What you have to do: Every entry below should appear in the answer exactly as written, apart from the pictures.

[Collection entries]
══════════════════════════════
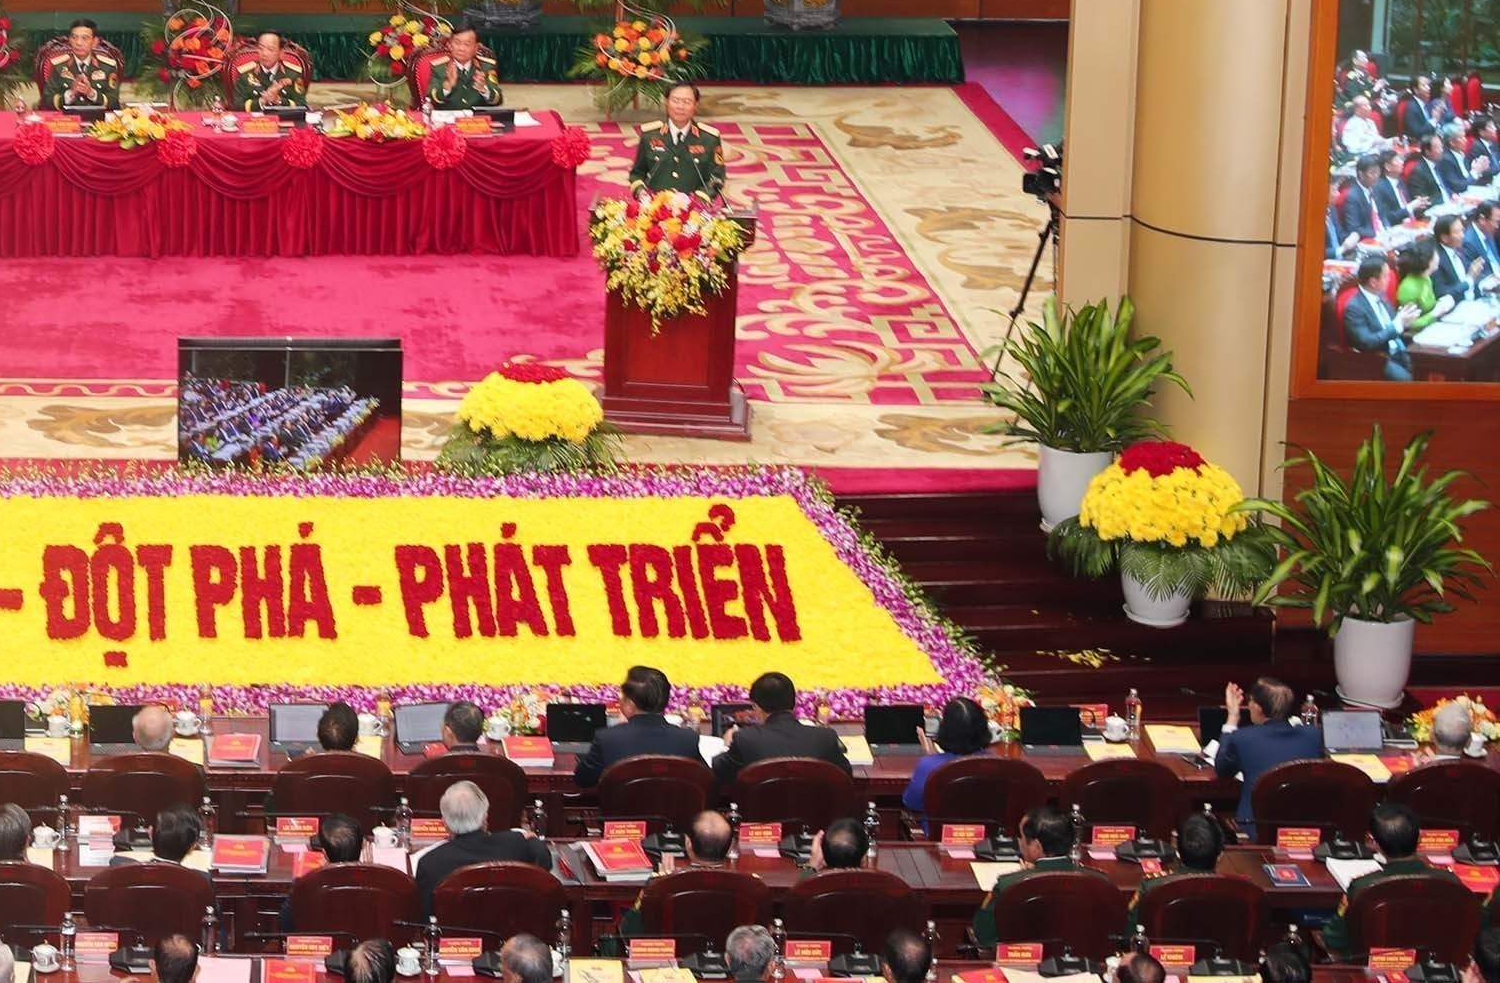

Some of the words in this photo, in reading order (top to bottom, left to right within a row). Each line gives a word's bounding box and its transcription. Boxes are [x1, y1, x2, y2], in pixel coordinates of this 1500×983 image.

[40, 523, 172, 666] ĐỘT
[191, 523, 336, 639] PHÁ
[353, 586, 381, 605] -
[395, 523, 575, 638] PHÁT
[588, 504, 800, 642] TRIỂN
══════════════════════════════
Task output:
Some of the words in this photo, in reading order (top to bottom, left to right within a row). Each line gives a word's bounding box and its transcription. Boxes are [x1, y1, x2, y2], in pixel coordinates of this 1500×983 image.

[40, 523, 172, 666] ĐỘT
[191, 523, 336, 639] PHÁ
[353, 586, 381, 605] -
[395, 523, 575, 638] PHÁT
[588, 504, 800, 642] TRIỂN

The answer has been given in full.